GIVEN RECORDS:

= = = = =

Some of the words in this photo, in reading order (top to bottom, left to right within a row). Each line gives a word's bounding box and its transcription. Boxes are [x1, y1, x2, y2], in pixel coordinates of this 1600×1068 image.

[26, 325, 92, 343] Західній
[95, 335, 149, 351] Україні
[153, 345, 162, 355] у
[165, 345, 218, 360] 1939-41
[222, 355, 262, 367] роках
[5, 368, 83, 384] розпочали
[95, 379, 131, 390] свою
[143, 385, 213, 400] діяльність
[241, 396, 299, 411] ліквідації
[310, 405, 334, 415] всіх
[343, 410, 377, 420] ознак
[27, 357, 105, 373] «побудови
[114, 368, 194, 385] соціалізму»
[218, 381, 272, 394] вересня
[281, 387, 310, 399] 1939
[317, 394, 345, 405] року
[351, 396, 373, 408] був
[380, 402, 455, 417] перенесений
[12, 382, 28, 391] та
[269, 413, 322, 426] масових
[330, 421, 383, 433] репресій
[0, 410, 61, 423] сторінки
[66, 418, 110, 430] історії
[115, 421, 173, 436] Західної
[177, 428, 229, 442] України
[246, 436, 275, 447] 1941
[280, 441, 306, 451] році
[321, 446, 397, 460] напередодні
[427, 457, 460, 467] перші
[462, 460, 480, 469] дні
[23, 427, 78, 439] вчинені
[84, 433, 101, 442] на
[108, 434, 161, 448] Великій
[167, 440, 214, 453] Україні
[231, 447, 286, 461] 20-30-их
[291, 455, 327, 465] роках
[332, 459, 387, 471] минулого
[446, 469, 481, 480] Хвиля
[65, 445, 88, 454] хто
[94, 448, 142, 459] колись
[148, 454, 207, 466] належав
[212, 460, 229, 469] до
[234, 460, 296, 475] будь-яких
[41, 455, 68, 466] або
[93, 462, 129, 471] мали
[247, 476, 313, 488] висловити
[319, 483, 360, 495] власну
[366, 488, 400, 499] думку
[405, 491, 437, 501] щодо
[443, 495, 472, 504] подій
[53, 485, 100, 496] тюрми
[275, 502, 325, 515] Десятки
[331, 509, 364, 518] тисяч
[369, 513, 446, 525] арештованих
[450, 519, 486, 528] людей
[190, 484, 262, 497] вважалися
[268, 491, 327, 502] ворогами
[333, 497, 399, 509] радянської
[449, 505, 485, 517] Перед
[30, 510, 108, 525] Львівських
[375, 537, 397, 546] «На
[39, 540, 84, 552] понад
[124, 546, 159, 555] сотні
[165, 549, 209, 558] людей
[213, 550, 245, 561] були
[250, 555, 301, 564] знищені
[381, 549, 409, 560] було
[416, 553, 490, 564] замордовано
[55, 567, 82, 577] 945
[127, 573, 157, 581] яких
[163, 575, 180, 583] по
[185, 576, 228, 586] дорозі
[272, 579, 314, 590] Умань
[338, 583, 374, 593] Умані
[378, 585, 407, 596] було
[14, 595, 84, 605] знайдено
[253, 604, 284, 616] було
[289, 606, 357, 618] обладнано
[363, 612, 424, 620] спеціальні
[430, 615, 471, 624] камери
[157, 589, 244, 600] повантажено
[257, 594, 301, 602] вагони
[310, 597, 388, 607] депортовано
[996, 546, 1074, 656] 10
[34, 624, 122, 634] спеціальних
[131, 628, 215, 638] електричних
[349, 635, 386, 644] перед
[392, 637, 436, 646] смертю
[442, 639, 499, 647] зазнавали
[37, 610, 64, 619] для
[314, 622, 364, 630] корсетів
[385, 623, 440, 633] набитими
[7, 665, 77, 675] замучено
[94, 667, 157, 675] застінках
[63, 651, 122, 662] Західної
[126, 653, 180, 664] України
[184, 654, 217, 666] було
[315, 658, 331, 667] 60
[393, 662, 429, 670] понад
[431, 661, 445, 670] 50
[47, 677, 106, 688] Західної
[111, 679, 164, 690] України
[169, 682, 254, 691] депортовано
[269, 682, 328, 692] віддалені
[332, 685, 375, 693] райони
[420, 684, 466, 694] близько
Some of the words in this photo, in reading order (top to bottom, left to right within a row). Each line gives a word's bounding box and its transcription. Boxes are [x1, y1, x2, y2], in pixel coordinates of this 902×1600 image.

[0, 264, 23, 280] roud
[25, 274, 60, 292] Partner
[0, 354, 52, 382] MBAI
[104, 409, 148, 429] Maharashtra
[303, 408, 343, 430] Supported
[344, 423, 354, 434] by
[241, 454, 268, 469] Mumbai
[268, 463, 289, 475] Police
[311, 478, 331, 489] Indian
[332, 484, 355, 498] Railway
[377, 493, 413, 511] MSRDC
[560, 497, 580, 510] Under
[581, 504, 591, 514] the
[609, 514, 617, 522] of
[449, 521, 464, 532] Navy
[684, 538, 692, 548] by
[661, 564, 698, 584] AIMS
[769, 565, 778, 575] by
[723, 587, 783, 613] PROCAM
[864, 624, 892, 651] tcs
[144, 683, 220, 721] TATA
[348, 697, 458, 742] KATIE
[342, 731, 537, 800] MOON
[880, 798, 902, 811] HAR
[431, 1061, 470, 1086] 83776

= = = = =

WHAT YOU NEED TO DO: Whenever the word "Західної" occurs in a line of the records, that line counts once; state the total alone.

RESULT OF THE EXERCISE: 3